# Osmocote  for pond plants



## killi69 (26 Mar 2021)

Hi there,

I am looking into using Osmocote slow release fertiliser tabs for existing pond plants in baskets. These would include submerged aquatic plants like giant Vallis as well as a range of marginal plants.  I know the cheapest way would be to add loose fertiliser like Gro More or Vitax Q4 to the planting mix but because I already have a large number of existing baskets, I am exploring the best tabs to buy, as making DIY tabs will be too time consuming.

The standard Osmocote slow release tabs (NPK 14 9 11) come in pouches of 25 and cost around £4-5 each, so work out at roughly 20p for a 5g tab.

Buying a similar product in bulk, 1000 x 7.5gr Osmocote Exact Tablets 5 -6 Months Slow Release Fertiliser (NPK 14 8 11) cost £110, so roughly 11p for a 7.5g tab.

I could also buy a product called Osmocote Exact High K (NPK 10-8-17), which for some reason is much cheaper, at £40 for 1000 x 7.5g tabs, so roughly 4p for a 7.5g tab.  Would this be OK, or is the NPK not so great? 

Many thanks in advance for your thoughts,
Andre


​


----------



## killi69 (26 Mar 2021)

And a second question, for a  pond basket measuring 24x24x14cm (around 8L), how many tabs should I insert?


----------



## ceg4048 (27 Mar 2021)

Hi,
     Osmocote will be fine if used under the substrate or deep in the basket if the plants are potted.

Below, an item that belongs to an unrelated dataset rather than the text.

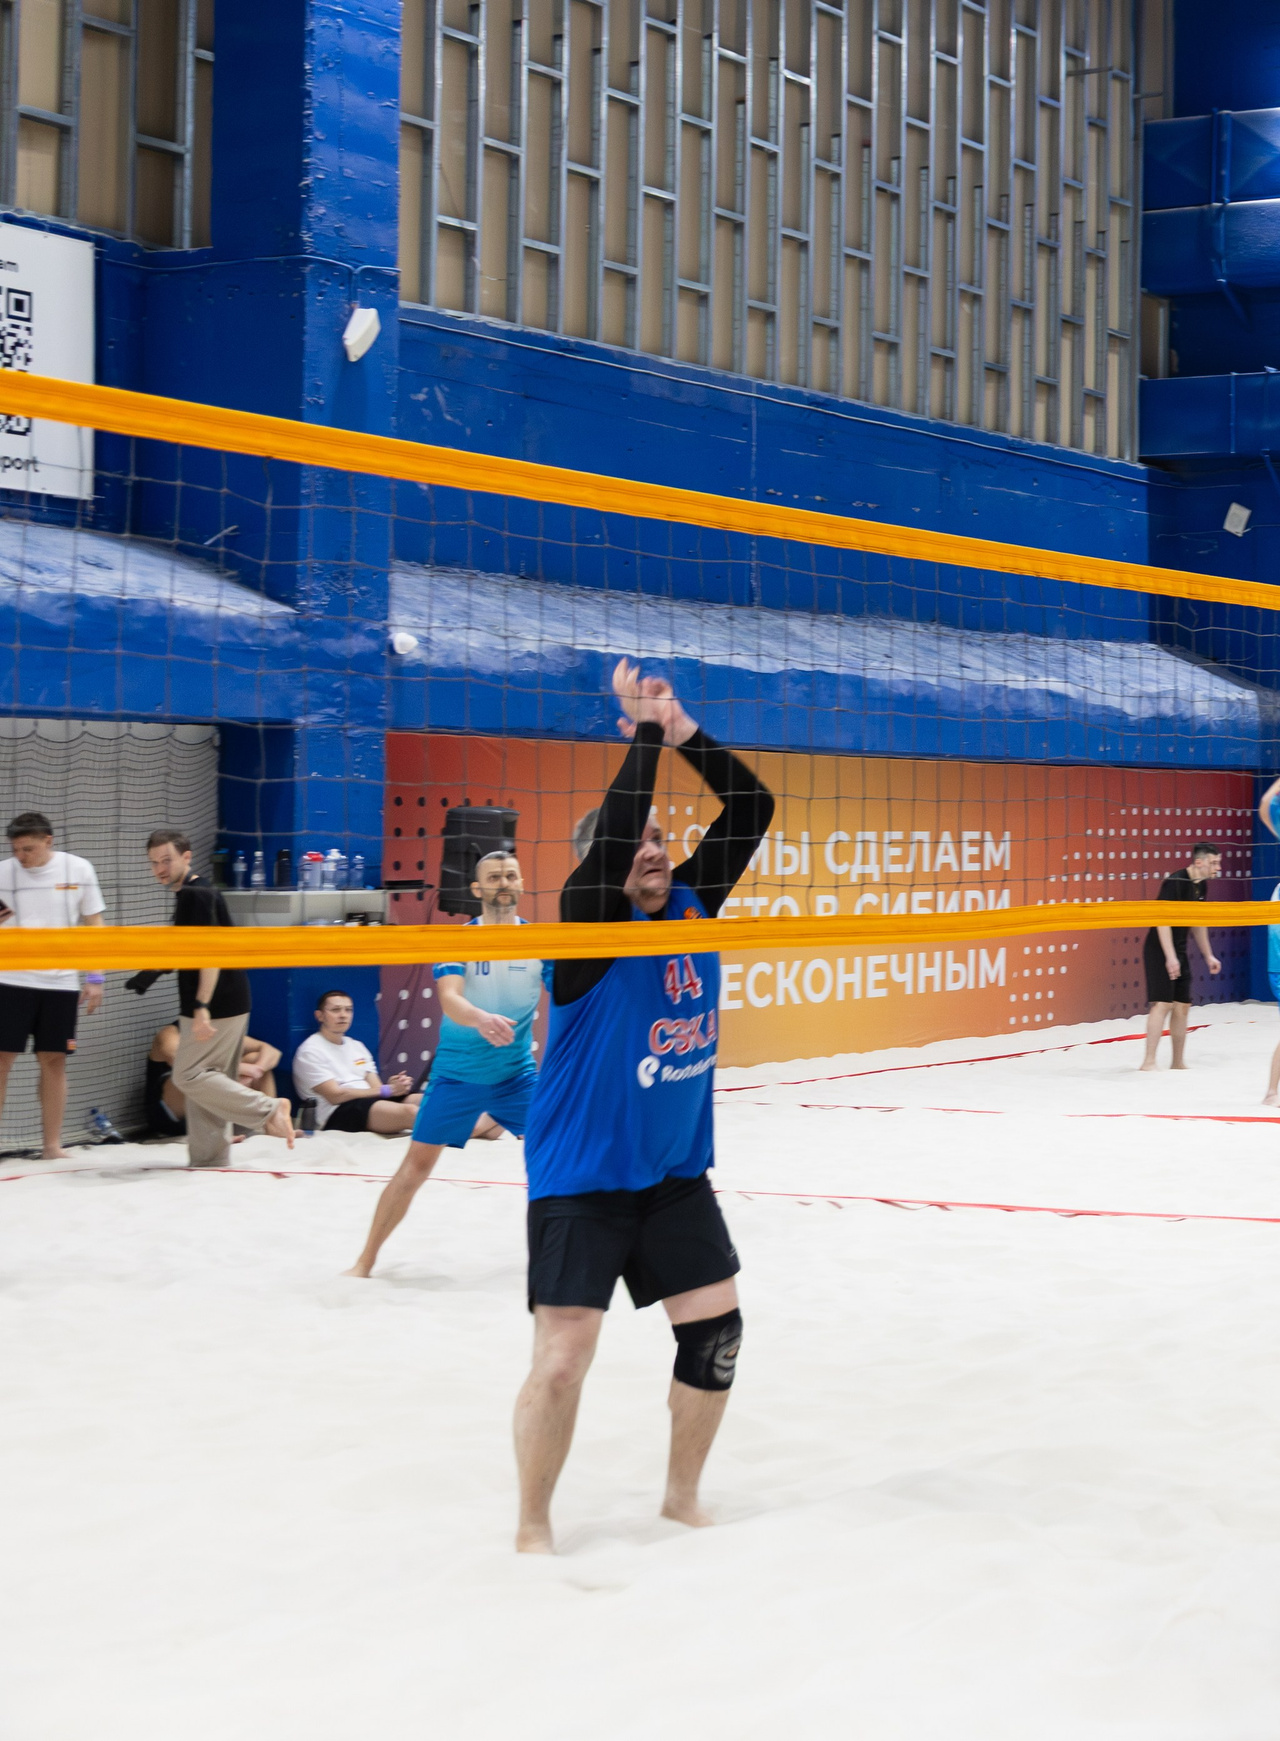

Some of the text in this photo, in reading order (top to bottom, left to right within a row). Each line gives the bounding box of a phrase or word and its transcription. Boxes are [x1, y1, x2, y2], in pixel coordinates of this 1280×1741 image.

[824, 831, 1011, 882] СДЕЛАЕМ
[664, 955, 703, 1005] 44
[719, 947, 1007, 1011] ЕСКОНЕЧНЫМ

It uses ammonium nitrate so if there are fish in the pond you should be careful with it's use.

Cheers,


----------



## killi69 (27 Mar 2021)

Thanks Ceg. What about the difference between the 2 Osmocote products? Do you think I can go for the cheaper one and not worry about the NPK balance?



killi69 said:


> 1000 x 7.5gr Osmocote Exact Tablets 5 -6 Months Slow Release Fertiliser (NPK 14 8 11) cost £110, so roughly 11p for a 7.5g tab.
> 
> I could also buy a product called Osmocote Exact High K (NPK 10-8-17), which for some reason is much cheaper, at £40 for 1000 x 7.5g tabs, so roughly 4p for a 7.5g tab. Would this be OK, or is the NPK not so great?


----------



## zozo (27 Mar 2021)

Aquatic Plant Fertiliser (Osmocote) - accessories
					

May be used per 14L planting container, and should be inserted one finger-length into the soil around the rhizomes. The tablet form ensures that the nutrients stay in the mud and do not diffuse into the water, where they can encourage algae proliferation.




					latour-marliac.com
				






> Three tablets may be used per 14L planting container, and they should be inserted one finger-length into the soil around the rhizomes.
> Formula NPK favors flowering: 10-11-18+2MgO+TE.
> The tablet form ensures that the nutrients stay in the mud and do not diffuse into the water, where they can encourage algae proliferation.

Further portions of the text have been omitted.